Mas, o que isso tem a ver com as favelas no Brasil? E de que maneiras o Censo pode contribuir com a melhoria da qualidade de vida nestes territórios?
Primeiro é preciso ter em conta a definição de favelas pelo IBGE, como aglomerado subnormal [1]. “Aglomerado Subnormal é uma forma de ocupação irregular de terrenos de propriedade alheia – públicos ou privados – para fins de habitação em áreas urbanas e, em geral, caracterizados por um padrão urbanístico irregular, carência de serviços públicos essenciais e localização em áreas com restrição à ocupação”. Privilegia, pois, critérios negativos ligados à titularidade da propriedade, a irregularidade da ocupação, a irregularidade urbanística e a carência de serviços públicos. Em pesquisa realizada junto às prefeituras, a Pesquisa de Informações Básicas Municipais (Munic-IBGE), voltada para levantar informações relativas aos instrumentos de gestão municipal, mostra que as prefeituras, apesar de seguirem a caracterização adotada pelo instituto, adicionam outros critérios relativos às características ambientais, como localização em áreas de risco e sócio-econômicas e rendimento familiar. Estes critérios se aproximam da definição dada pela ONU Habitat para assentamentos informais, que destaca a falta de direito ou certificado de posse do terreno, áreas inadequadas do ponto de vista de um conjunto de riscos, precariedade em pelo menos um dos serviços públicos essenciais, precariedade dos materiais de construção e discordância dos códigos urbanísticos, número de moradores por Cômodo (COSTA e NASCIMENTO, 2005; CATALÁ e do CARMO, 20212).

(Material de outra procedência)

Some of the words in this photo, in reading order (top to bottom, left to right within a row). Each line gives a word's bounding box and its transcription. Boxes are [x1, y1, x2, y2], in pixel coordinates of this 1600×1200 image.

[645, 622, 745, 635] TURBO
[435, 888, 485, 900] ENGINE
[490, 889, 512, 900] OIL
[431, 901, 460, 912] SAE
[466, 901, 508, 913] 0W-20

O que se constata é que não há isenção nas definições, cada uma delas se insere em um contexto que destaca elementos comuns como a informalidade e a precariedade dos serviços, mas também dão ênfases distintas em relação à ocupação irregular, ao direito, ao risco, à qualidade da moradia. Tanto lideranças de favelas quanto estudiosos da área urbana questionam o privilégio dado a critérios como irregularidade da ocupação e inadequação aos padrões urbanísticos, tendo em conta que são exatamente estes critérios que colocam as favelas e suas populações no âmbito da informalidade e dos ilegalismos (ROLNIK, 20153). Destacam, por outro lado, o processo de criação de espaços urbanos por meio da autoconstrução que, na maior parte das vezes se faz coletivamente, por meio dos mutirões.

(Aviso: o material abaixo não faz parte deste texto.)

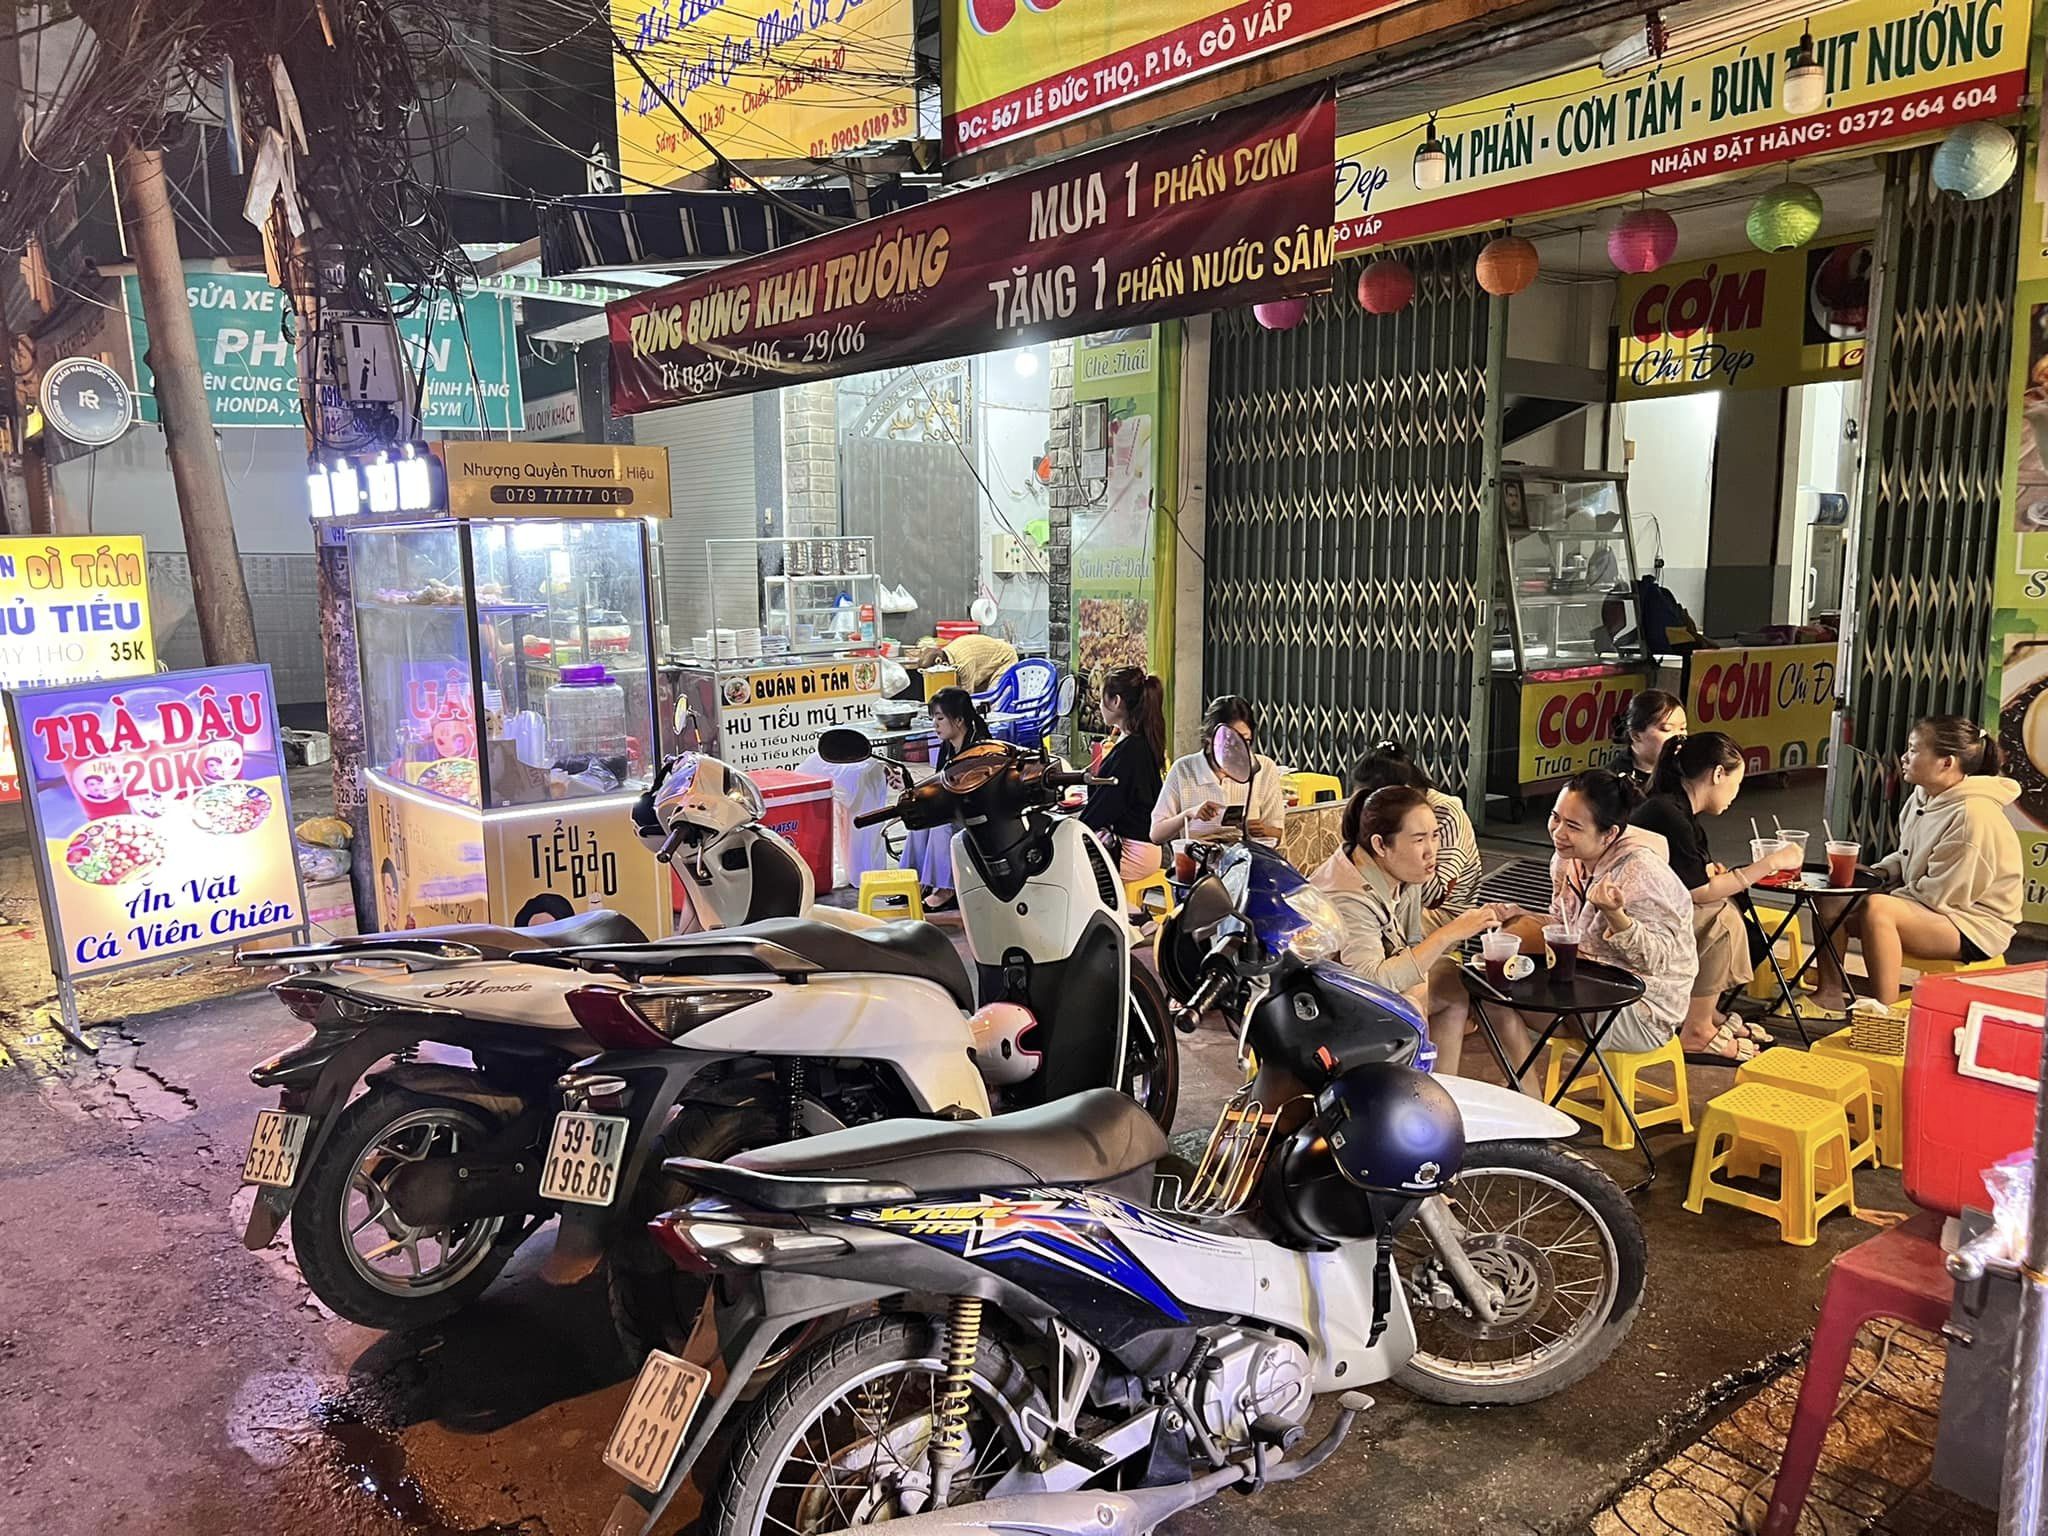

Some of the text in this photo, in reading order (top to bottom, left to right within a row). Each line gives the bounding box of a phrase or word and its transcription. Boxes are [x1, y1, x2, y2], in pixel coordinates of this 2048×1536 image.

A discussão sobre critérios é fundamental, pois, são eles que orientam a coleta das informações e dados que vão ser a base para formulação de políticas públicas. Depois de atravessarmos um período crítico no qual foram cortados recursos orçamentários e postergada a realização do Censo, estamos em vias de finalizar a coleta dos dados censitários.

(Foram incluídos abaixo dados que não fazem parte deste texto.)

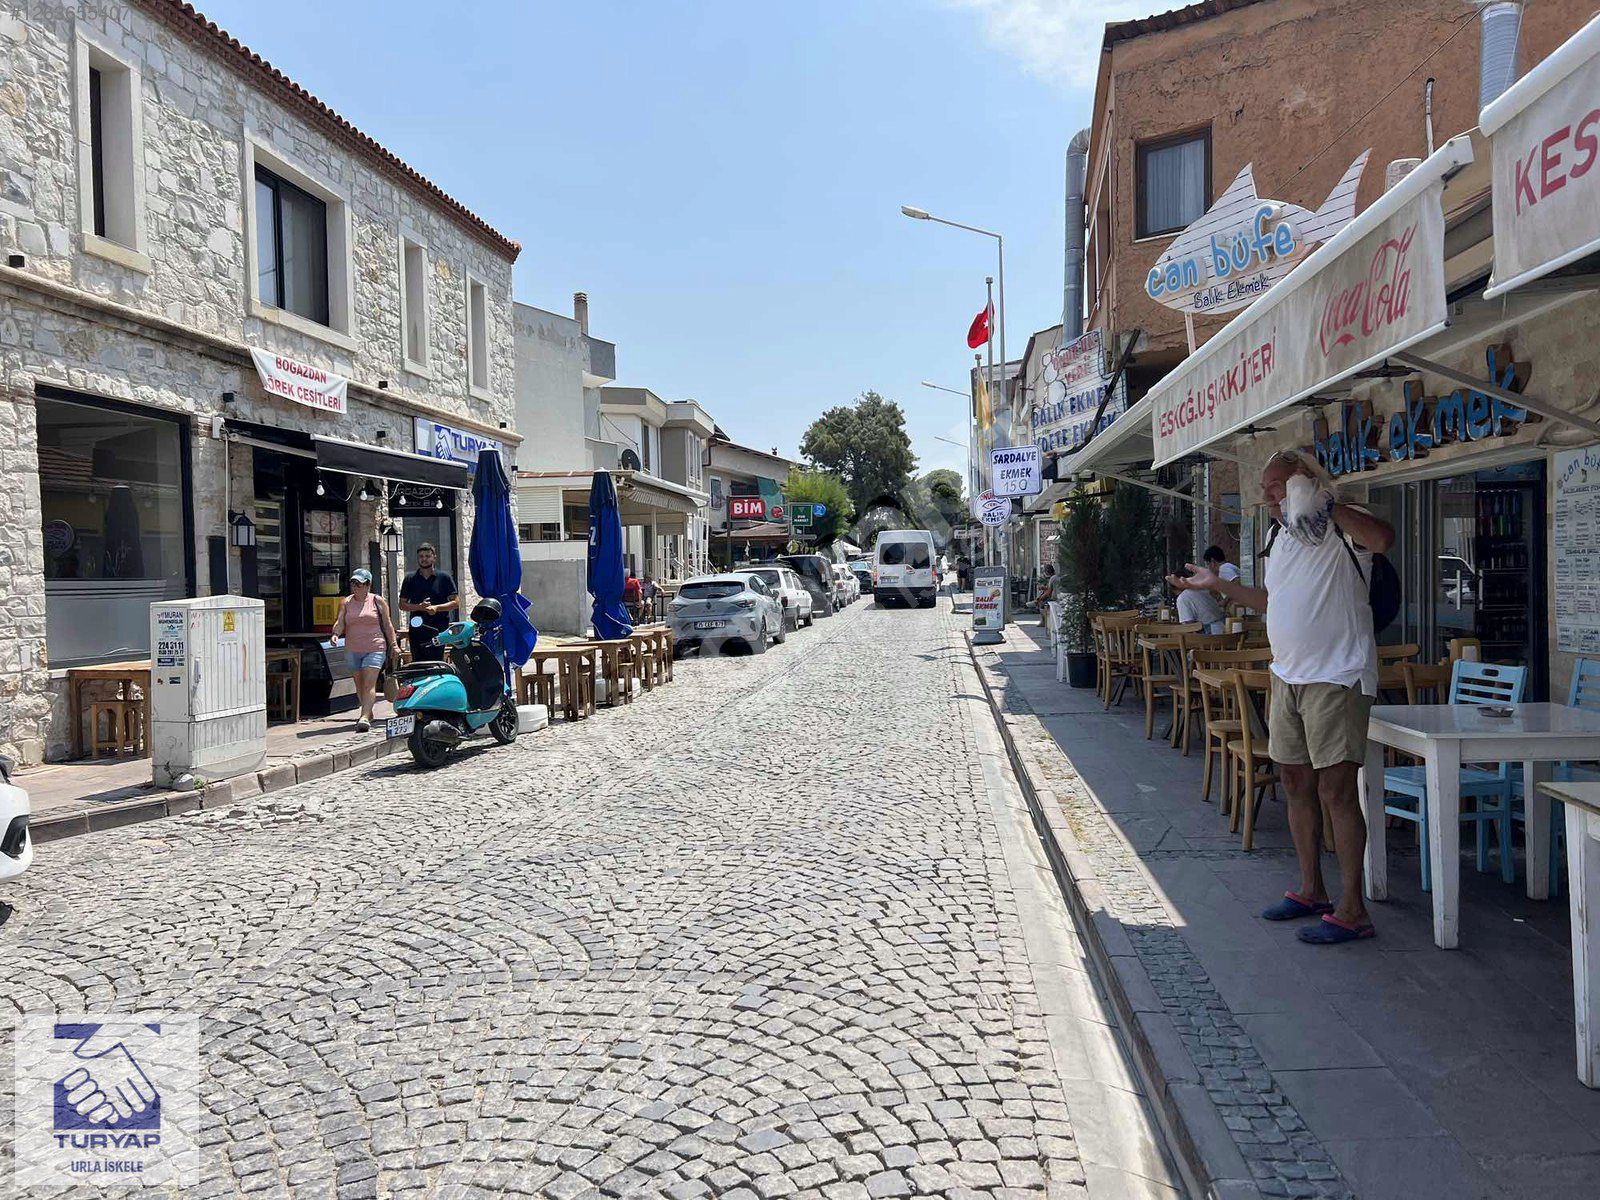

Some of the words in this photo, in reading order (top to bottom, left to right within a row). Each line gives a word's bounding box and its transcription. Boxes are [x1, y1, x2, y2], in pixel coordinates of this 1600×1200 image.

O Estado brasileiro assume como uma das tarefas prioritárias no novo ciclo democrático que se abre após a eleição de Lula o enfrentamento das graves desigualdades sociais e a construção de políticas públicas para a efetivação da dignidade humana. Um dos pontos centrais que mobiliza o governo desde a campanha eleitoral é a discussão sobre acesso à alimentação, educação, saúde, emprego e renda. Em todos estes casos, a intervenção política do pode se dar a partir da criação ou fomento a políticas públicas, como o Fome Zero, o Bolsa Família, o programa Mais Médicos e a melhoria e ampliação de creches e escolas. Mas nenhuma política pública nasce sem um conhecimento profundo dos grupos sociais que ela pretende atingir, ou estará fadada ao fracasso. O processo de elaboração de políticas públicas deve sempre partir de um qualificado diagnóstico da realidade concreta sobre a qual intervirá e, nesse sentido, o Censo é um esforço precioso, que não responde à totalidade das perguntas sobre a vida social, mas pode ajudar a formular as perguntas complementares corretas para instigar a ação de Estado. É olhando o Censo que podemos entender como está distribuída a escolarização formal pelo país, como a renda varia de acordo com aspectos de gênero, raça e território, como o saneamento básico está distribuído e tantas outras questões fundamentais.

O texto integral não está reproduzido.